When I run a U SQL script from portal/visual studio it follows stages like preparing,queued,running,finalizing. What exactly happens behind the scenes in all these stages?Will there be any execution time difference when the job is run from visual studio/portal in dev and production environment? We need to clock the speeds and record the time the script would take in production.Ultimately, the goal is to run these scripts as Data Factory activities in production.
I assume that there would be differences since I assume your dev environment would probably run at lower resource usage (lower degree of parallelism both between jobs and inside a job) than your production environment. Otherwise there should be no difference.
Note that we are still working on performance so if you are running into particular issues, please let us know.
The phases roughly do the following (I am probably missing some parts):
preparing: includes compilation, optimization, Codegen, preparing the execution graph and required resources and putting the job into the queue.
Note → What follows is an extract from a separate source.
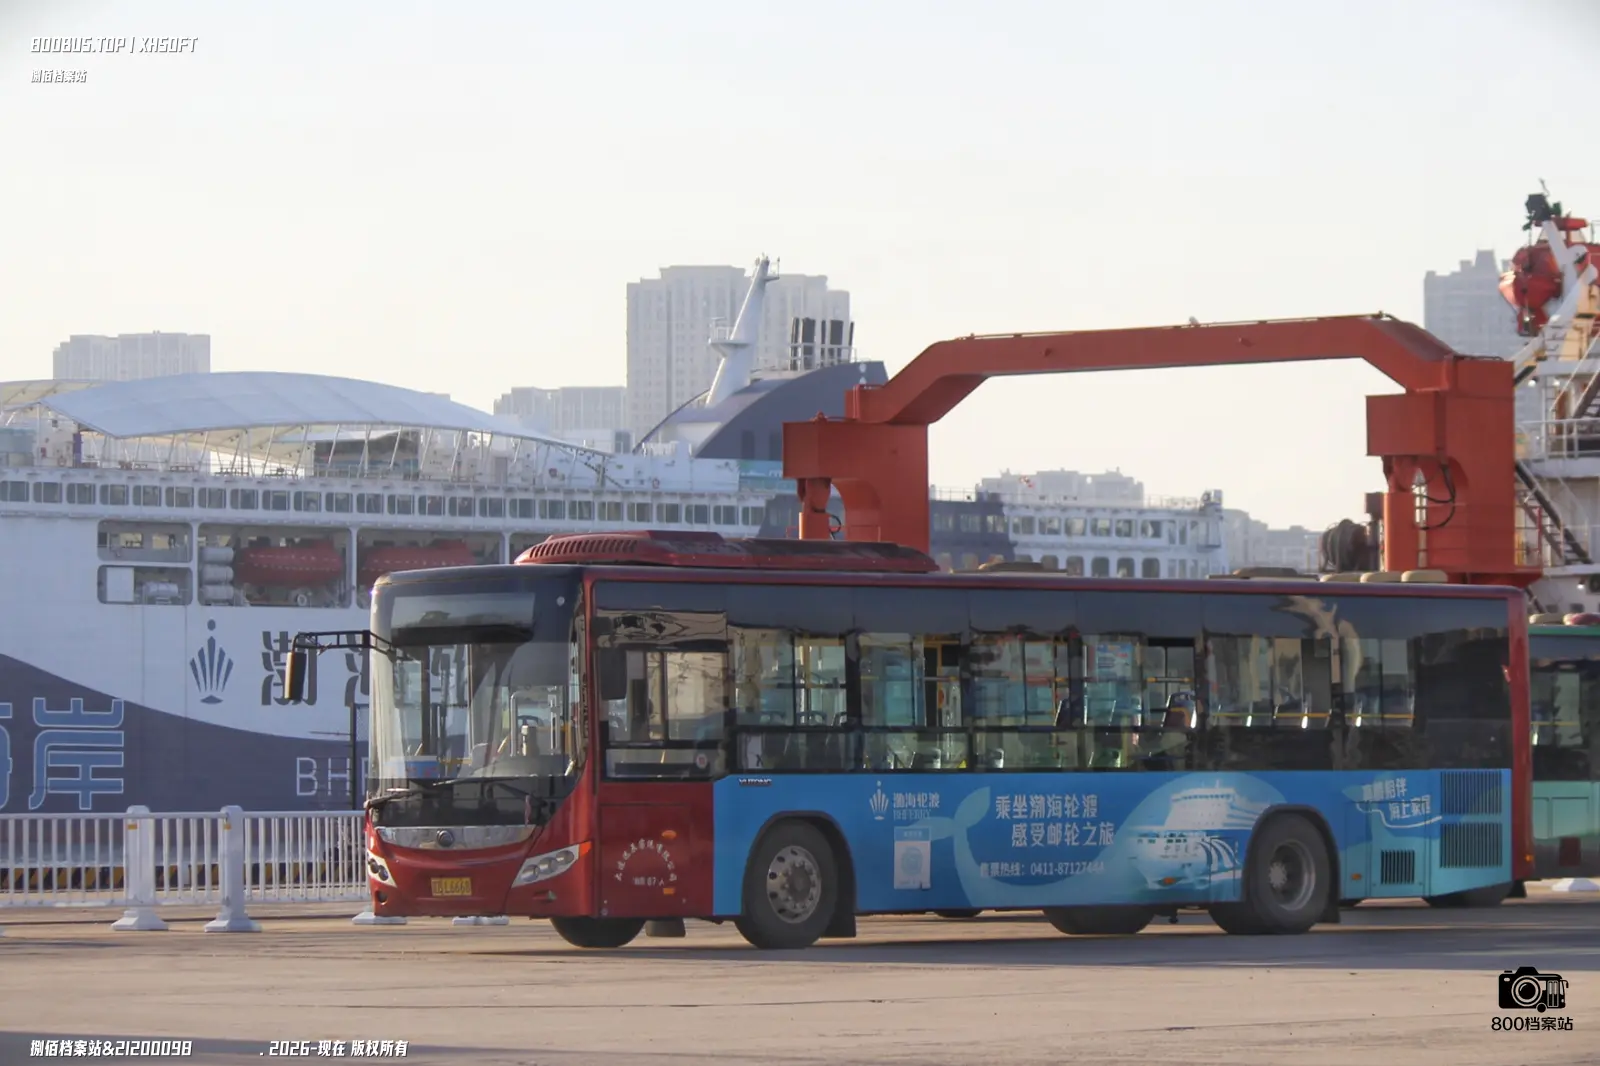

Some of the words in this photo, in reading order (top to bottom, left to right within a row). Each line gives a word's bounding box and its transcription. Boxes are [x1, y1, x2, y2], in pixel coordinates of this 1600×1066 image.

[0, 697, 125, 809] 岸
[995, 794, 1099, 820] 乘坐渤海轮渡
[1011, 821, 1115, 848] 感受邮轮之旅
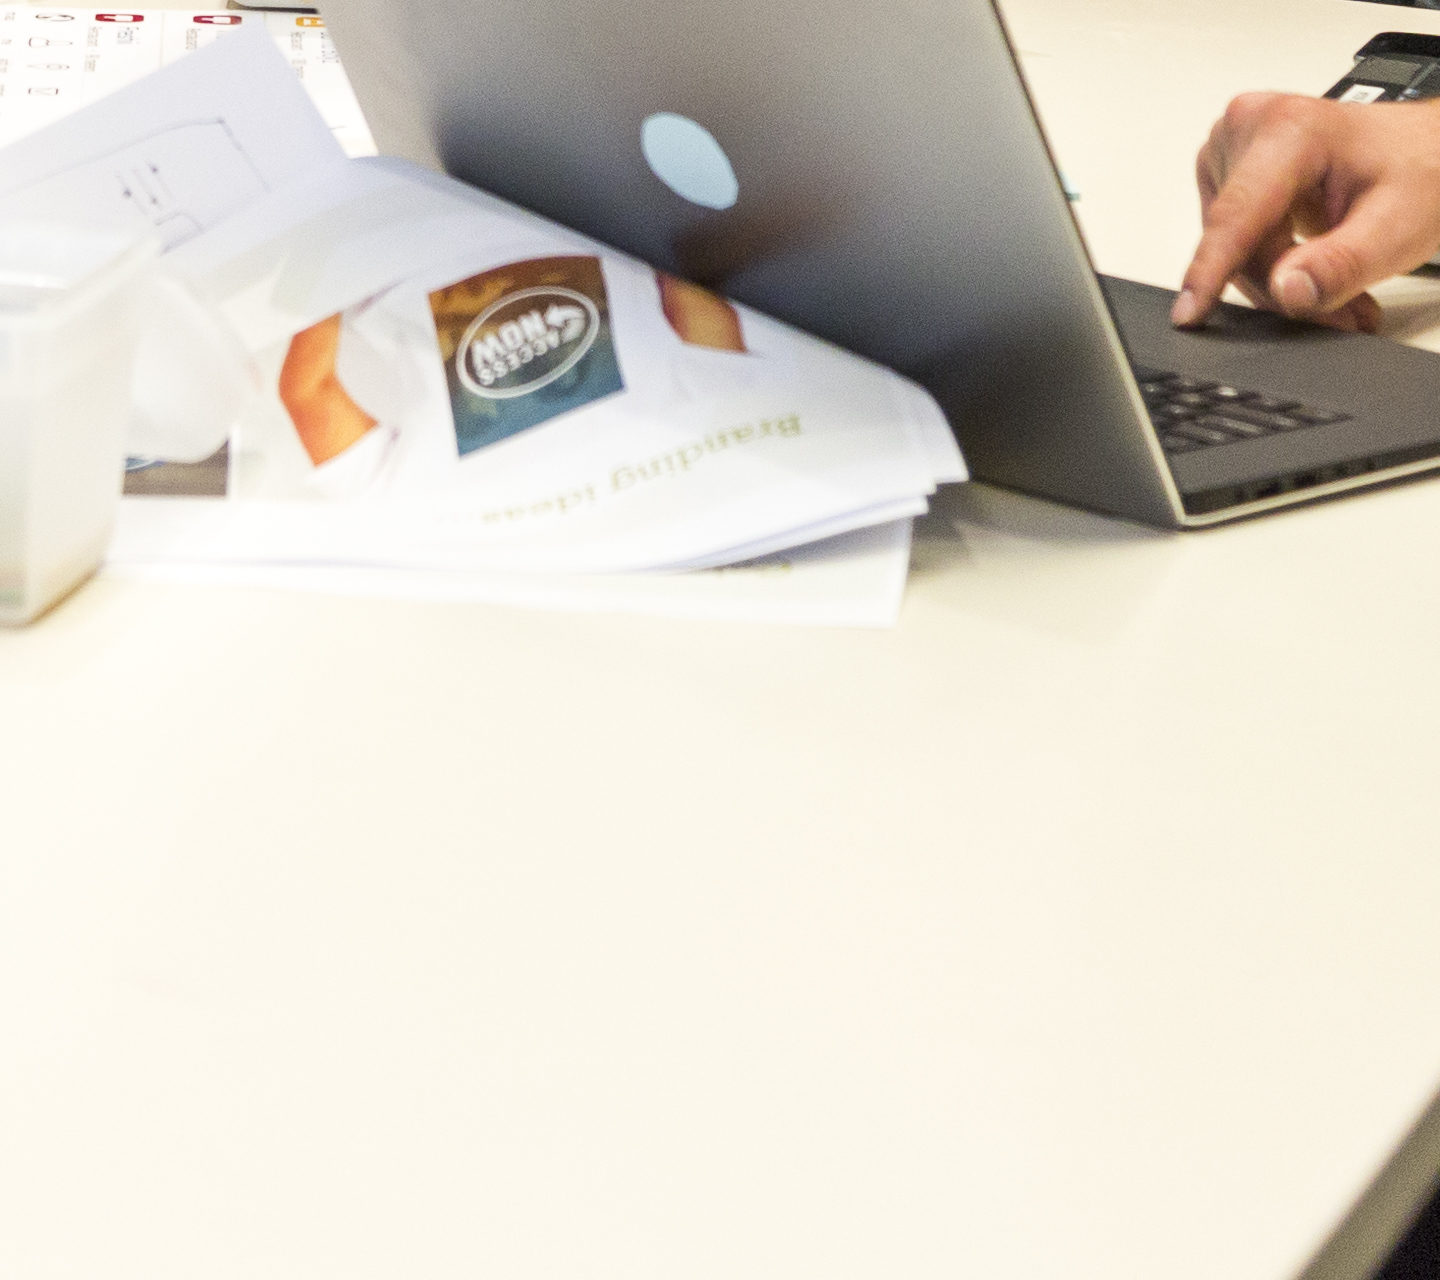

queueing: The job sits in the queue to get executed once the job is at the top of the queue and resources are available to start the job. This can be impacted by setting the maximal number of jobs that can run in parallel (a setting you can set by "calling" support/us).
running: Actual job execution. This will be affected by resources: Maximal number of parallelism that is specified on the job, network bandwidth, store access (throttling, bandwidth).
finalizing: Cleanup and stitching results into files, "sealing" table files. This can be more expensive depending on where you write the data (ADL is faster than WASB for example).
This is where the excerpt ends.